Formation in American football

In American football, the A formation was a variation of the single-wing formation used with great success by the New York Giants of the 1930s and early 1940s. This formation was masterminded by Giants coach Steve Owen and relied heavily upon Hall of Fame center Mel Hein for its success.

The A formation differed from the traditional single-wing in that the quarterback played further back from the line and closer to the center. It also placed the backfield opposite the "strong" side of the unbalanced line, providing more flexibility in the running game (though less power). The wingback is on the opposite side compared to the single-wing and the quarterback is the primary passer, rather than the tailback. The name of the formation was arbitrary, not from its slight resemblance to the letter "A", unlike formations named "I", "T", "V", and "Y" for the shapes formed by the backs' positioning; Owen labeled the standard single wing his team's "B" formation.

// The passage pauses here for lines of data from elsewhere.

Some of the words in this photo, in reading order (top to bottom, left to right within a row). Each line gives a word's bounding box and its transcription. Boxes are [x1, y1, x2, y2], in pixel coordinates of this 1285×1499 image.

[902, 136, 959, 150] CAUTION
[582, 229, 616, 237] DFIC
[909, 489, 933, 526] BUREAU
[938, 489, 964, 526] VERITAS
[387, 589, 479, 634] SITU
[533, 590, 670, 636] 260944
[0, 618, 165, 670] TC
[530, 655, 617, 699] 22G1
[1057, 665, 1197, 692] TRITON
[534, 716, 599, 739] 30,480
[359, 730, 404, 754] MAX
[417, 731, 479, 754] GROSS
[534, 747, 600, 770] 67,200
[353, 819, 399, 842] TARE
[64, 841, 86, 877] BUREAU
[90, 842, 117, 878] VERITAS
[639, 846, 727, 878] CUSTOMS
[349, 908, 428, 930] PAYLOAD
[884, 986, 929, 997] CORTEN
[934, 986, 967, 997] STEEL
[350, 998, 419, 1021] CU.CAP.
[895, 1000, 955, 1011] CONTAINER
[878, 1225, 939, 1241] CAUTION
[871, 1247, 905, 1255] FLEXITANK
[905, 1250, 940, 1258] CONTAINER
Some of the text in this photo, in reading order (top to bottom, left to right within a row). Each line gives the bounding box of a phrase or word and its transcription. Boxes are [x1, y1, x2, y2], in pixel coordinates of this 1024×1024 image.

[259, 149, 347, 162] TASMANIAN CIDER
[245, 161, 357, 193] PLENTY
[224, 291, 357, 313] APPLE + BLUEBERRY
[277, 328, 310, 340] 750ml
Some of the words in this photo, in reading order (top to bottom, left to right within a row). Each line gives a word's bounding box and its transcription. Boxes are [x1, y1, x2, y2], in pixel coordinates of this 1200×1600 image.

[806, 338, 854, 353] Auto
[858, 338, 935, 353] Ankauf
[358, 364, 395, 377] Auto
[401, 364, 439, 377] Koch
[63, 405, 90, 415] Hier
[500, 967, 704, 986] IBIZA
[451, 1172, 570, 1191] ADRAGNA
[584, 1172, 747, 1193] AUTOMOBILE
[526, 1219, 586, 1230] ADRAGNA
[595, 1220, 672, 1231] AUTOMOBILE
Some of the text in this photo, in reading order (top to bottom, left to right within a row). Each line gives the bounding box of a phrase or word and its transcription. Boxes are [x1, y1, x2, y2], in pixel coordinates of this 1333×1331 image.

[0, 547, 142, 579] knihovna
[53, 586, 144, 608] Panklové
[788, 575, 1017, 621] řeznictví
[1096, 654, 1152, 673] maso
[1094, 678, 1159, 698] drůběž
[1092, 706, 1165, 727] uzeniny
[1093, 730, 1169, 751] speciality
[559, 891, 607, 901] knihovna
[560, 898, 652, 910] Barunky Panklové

One major advantage of the A is the center could snap the ball to any of three players; typically to the fullback or blocking back for runs and the quarterback for passes. The fourth back, the wingback, became a crucial part of the system when Owen introduced a half-spin sweep series in 1938 which featured a wide sweep play to the motioning wingback, a dive inside by the deep fullback, and a bootleg threat away from sweep action by the quarterback. This triple-threat, highly deceptive series anticipated the Wing-T Buck Sweep series by well over a decade.

A great center like Hein was a major asset, albeit not essential, in running the A formation — however only the Giants used this set-up with any frequency. This gave the Giants an advantage in that teams had to prepare specifically to defend the A whenever they played New York.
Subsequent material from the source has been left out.